- [Problem statement]: Keep the pictures out and restate every record exactly.

- [Supplied records]:

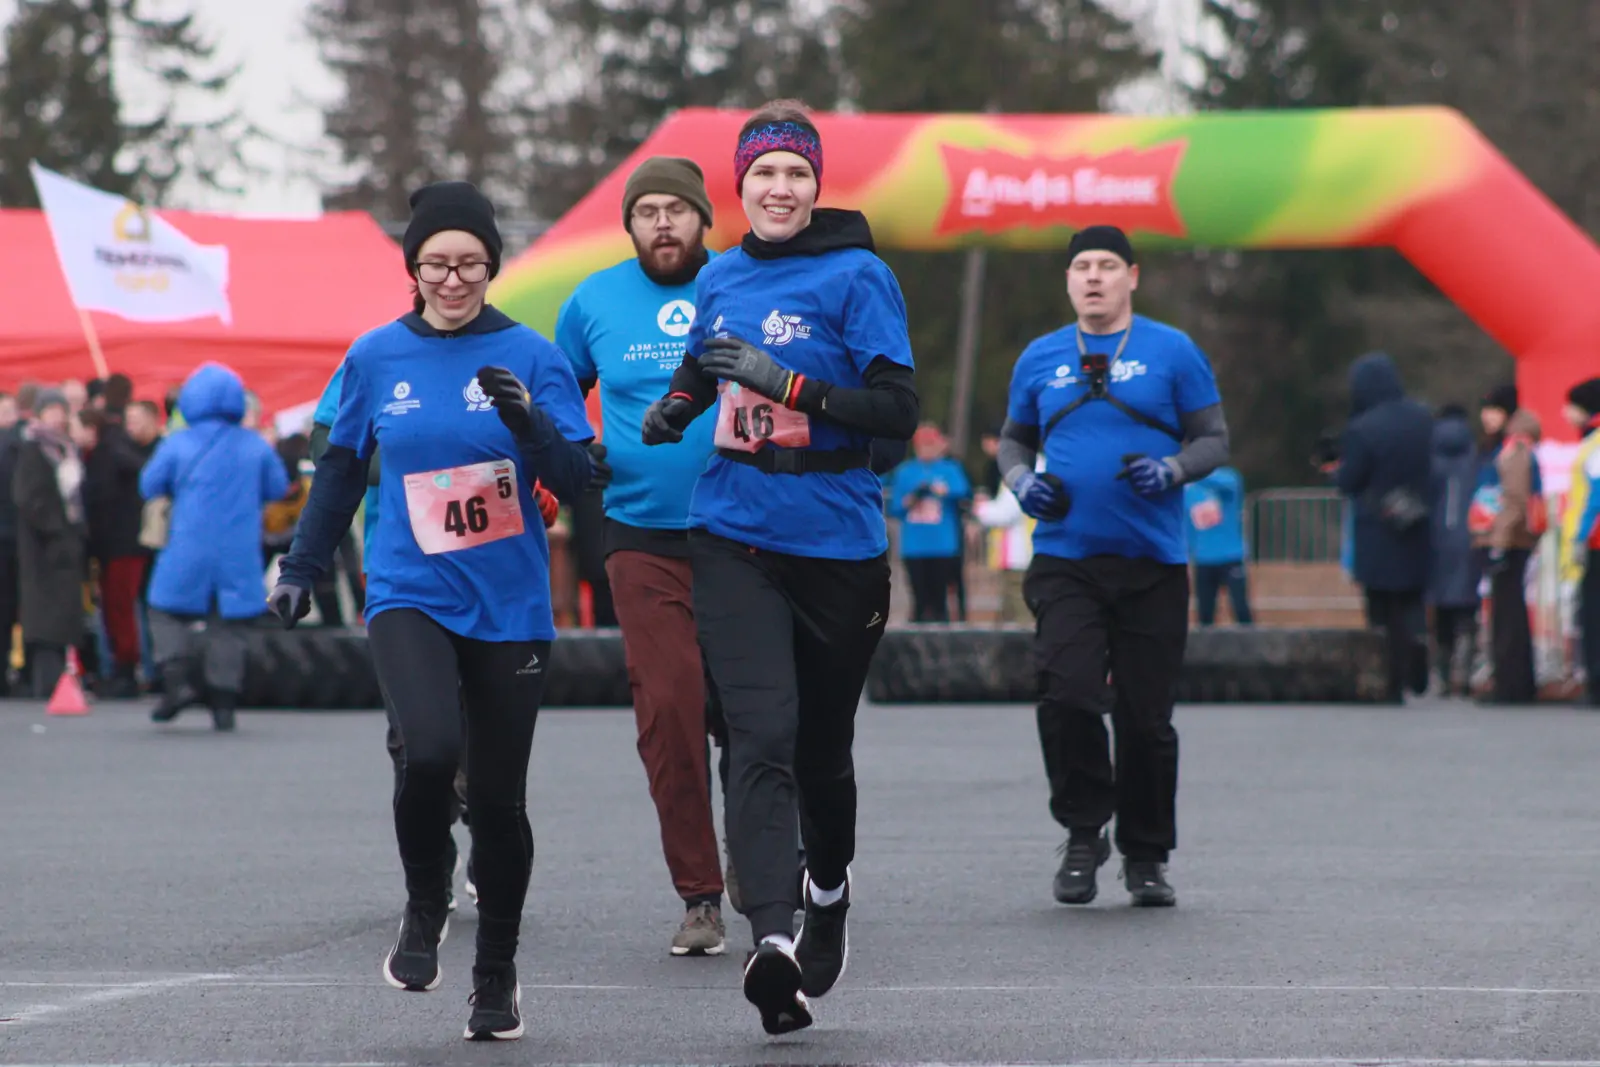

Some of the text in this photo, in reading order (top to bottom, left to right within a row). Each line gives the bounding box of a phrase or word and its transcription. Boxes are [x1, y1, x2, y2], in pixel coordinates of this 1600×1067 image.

[762, 310, 811, 346] 65 ЛЕТ
[734, 403, 774, 443] 46
[497, 476, 512, 499] 5
[444, 495, 489, 537] 46
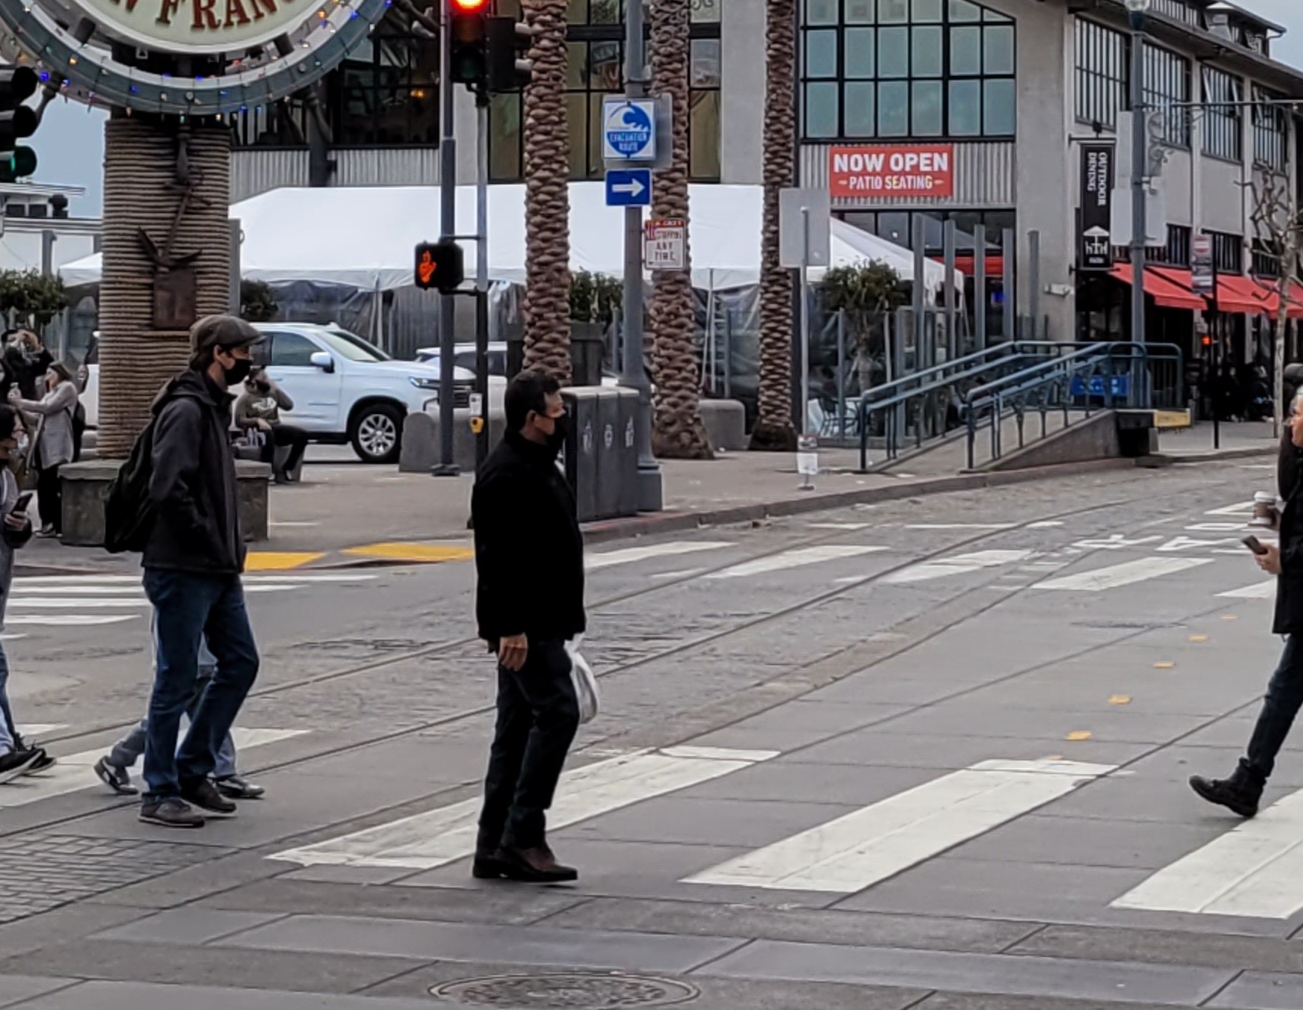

- [Exercise output]:
Some of the text in this photo, in reading order (top to bottom, left to right within a row). Each line gives the bounding box of a phrase or word and its transcription. Boxes are [x1, y1, x2, y2], in pixel coordinates of this 1600×1067 image.

[762, 310, 811, 346] 65 ЛЕТ
[734, 403, 774, 443] 46
[497, 476, 512, 499] 5
[444, 495, 489, 537] 46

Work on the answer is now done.